Our aim in this paper is to propose a hybridization of two well known point cloud registration methods. Hybridization is akin to the composition of subsystems in circuit like systems. It can be done in series, parallel or interleaving the systems in time. In this paper we propose a serial hybridization where one algorithm serves to provide a robust initial condition to the other. We have carried out SLAM experiments over different datasets using the Iterative Closest Point (ICP) [9], and the Normal Distribution Transform (NDT) [10]. We have found that the ICP method provides less noisy registrations under specific conditions, though it is much more fragile than the NDT. Figure 1 shows a reconstruction of the initial point clouds with ICP and NDT methods, respectively, for the inhouse data recording that is the demonstrator for the works in this paper. As we can see, ICP reconstruction generates a better surface with higher point density than NDT. Nevertheless, the ICP method is not able to properly register point sets at turning sections of the path traversed by the sensors, as shown in Figure 2, where the registration becomes unwieldy after this turning point. In other words, the ICP methods deals poorly with big rotations.

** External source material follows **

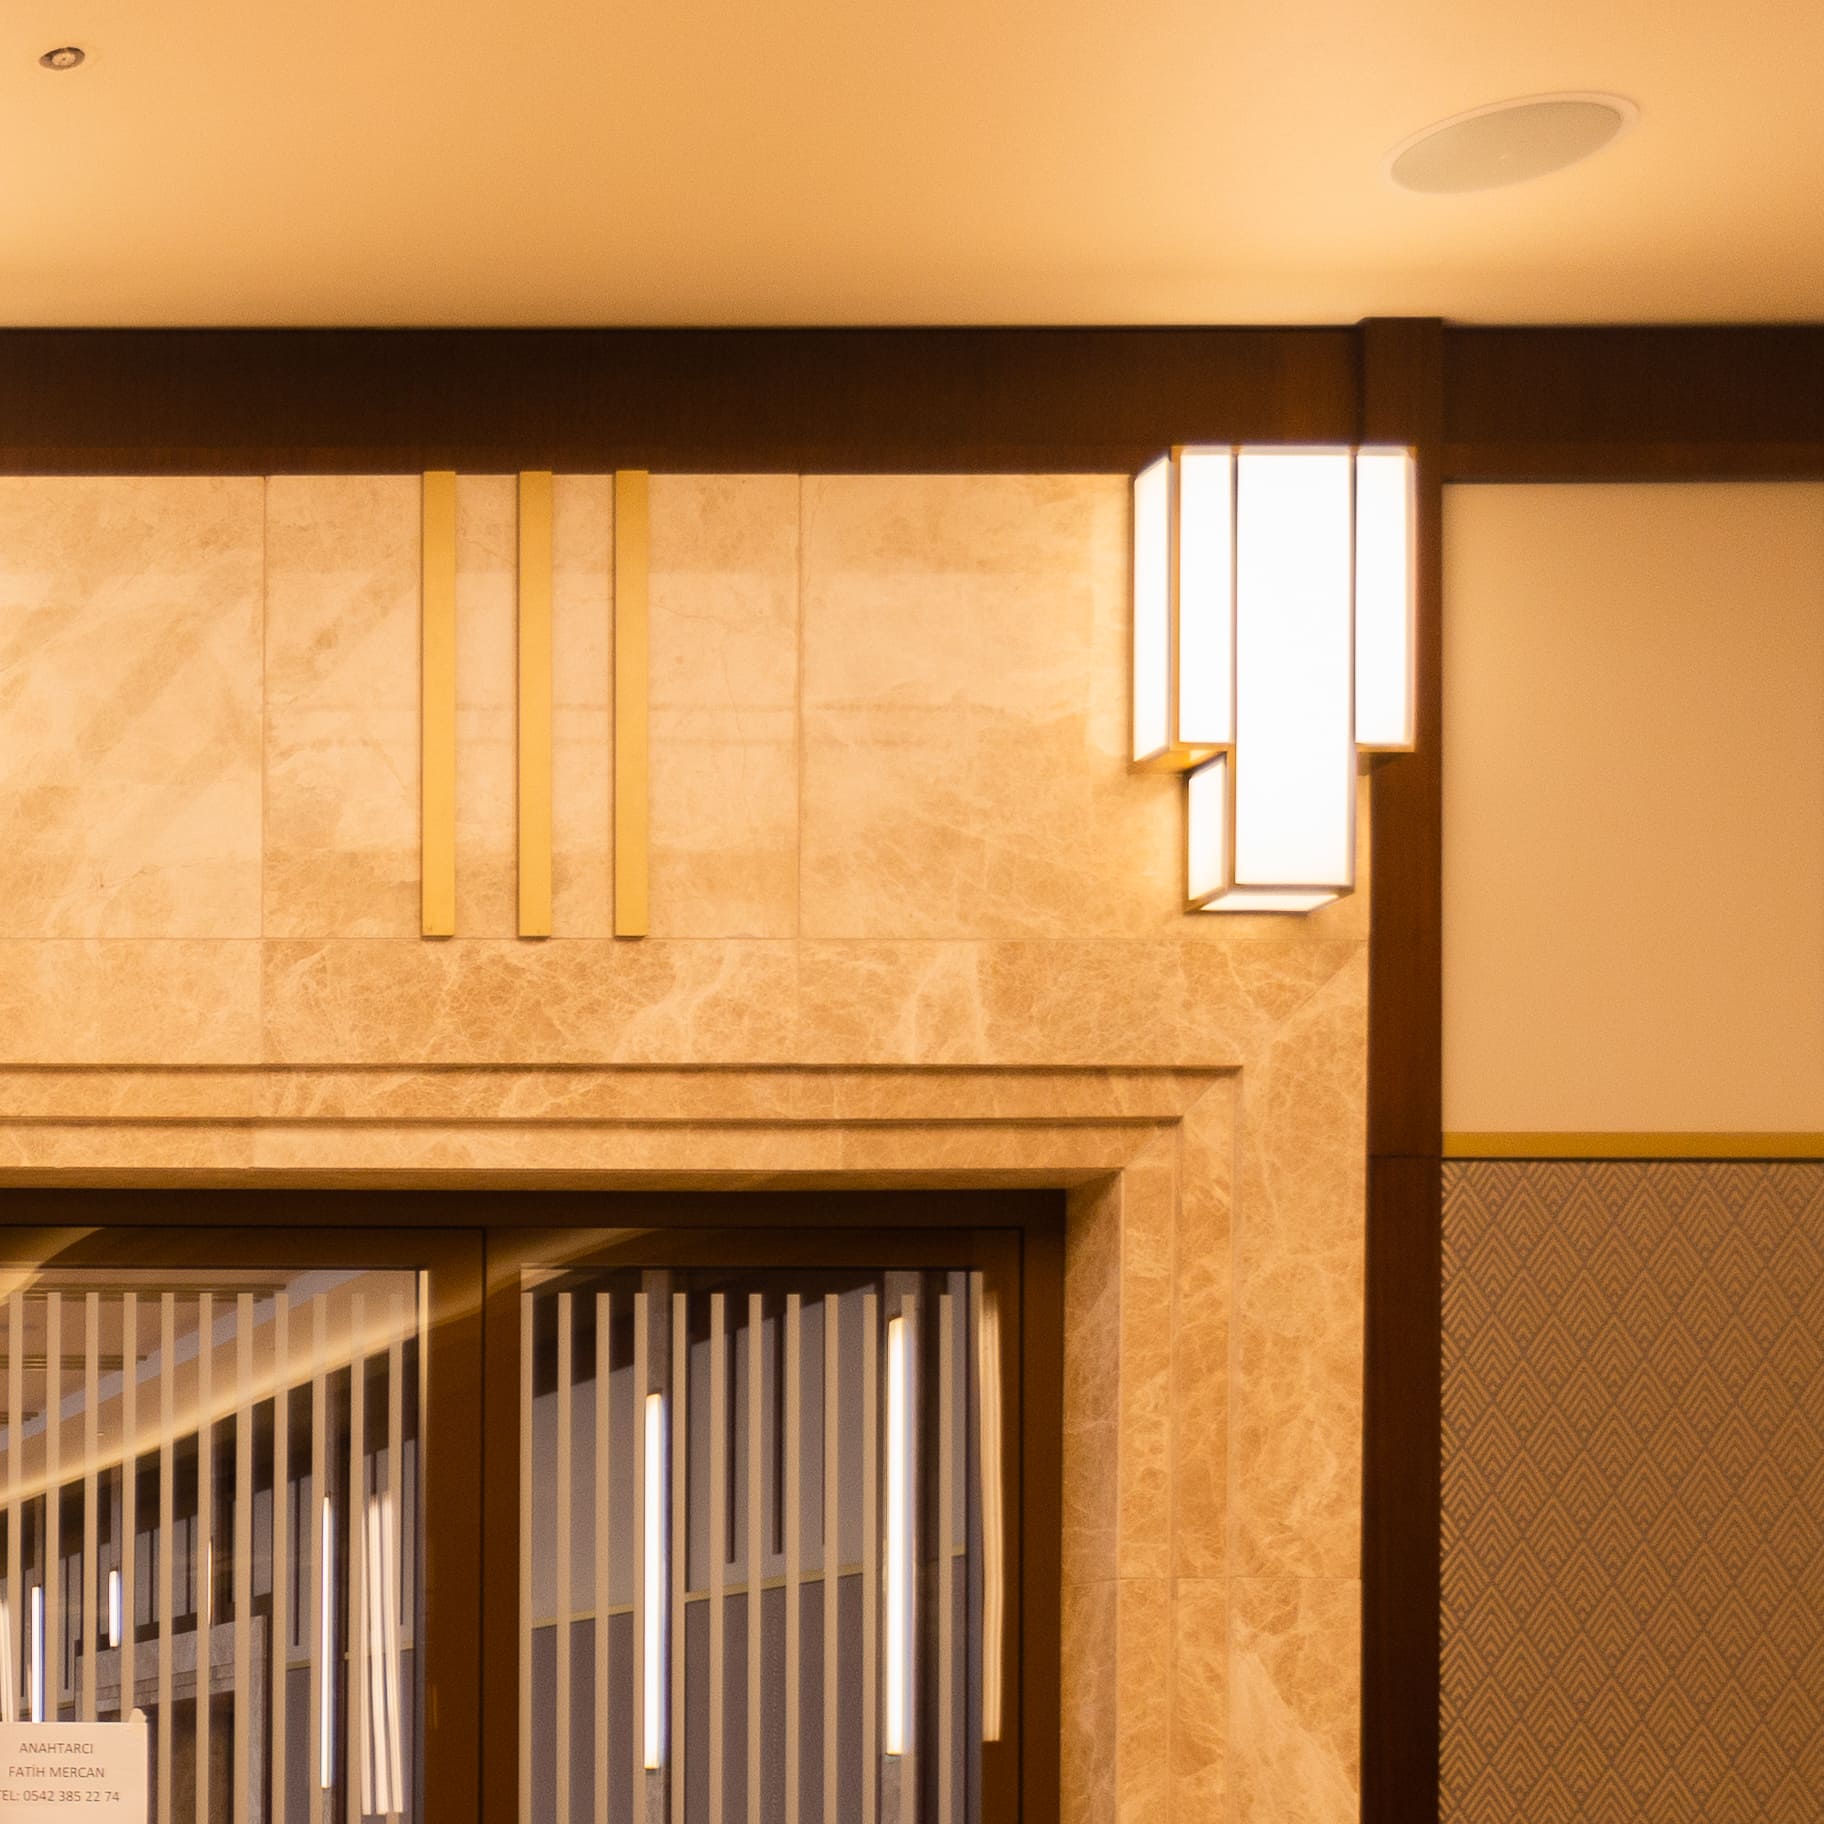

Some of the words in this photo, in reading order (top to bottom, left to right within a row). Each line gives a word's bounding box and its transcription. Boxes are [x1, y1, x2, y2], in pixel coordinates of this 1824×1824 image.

This paper is structured as follow: A brief presentation of the environment where experiment was carried out and the LiDAR sensor used in it, Quanergy M8. Next, we provide a formal description of the 3D registration methods used in the paper: the Iterative Closest Point (ICP) and the Normal Distribution Transform (NDT). Then, the proposed hybrid NDT algorithm with ICP initialization is described. Finally, experimental results are presented for standard NDT registration and for the hybrid system described in this article, comparing root mean square error of the Euclidean distance, the path obtained and resulting reconstructed surfaces.
2 Materials
New affordable LiDAR sensors, such as the M8 from Quanergy that we are testing in this paper, allow for further popularization of LiDAR based SLAM applications. Due to its specific innovative characteristics, the M8 sensor still needs extensive testing by the community in order to assume its integration in the newly developed systems [11]. The work reported in this paper is intended partly to provide such empirical confirmation of the M8 sensor quality continuing experimentation over this sensor data reported elsewhere [12]. Both the time sequence of M8 captured point clouds and the Matlab code used to carry out the computational experiments has been published as open data and open source codeFootnote 1 in the Zenodo repository for reproducibility.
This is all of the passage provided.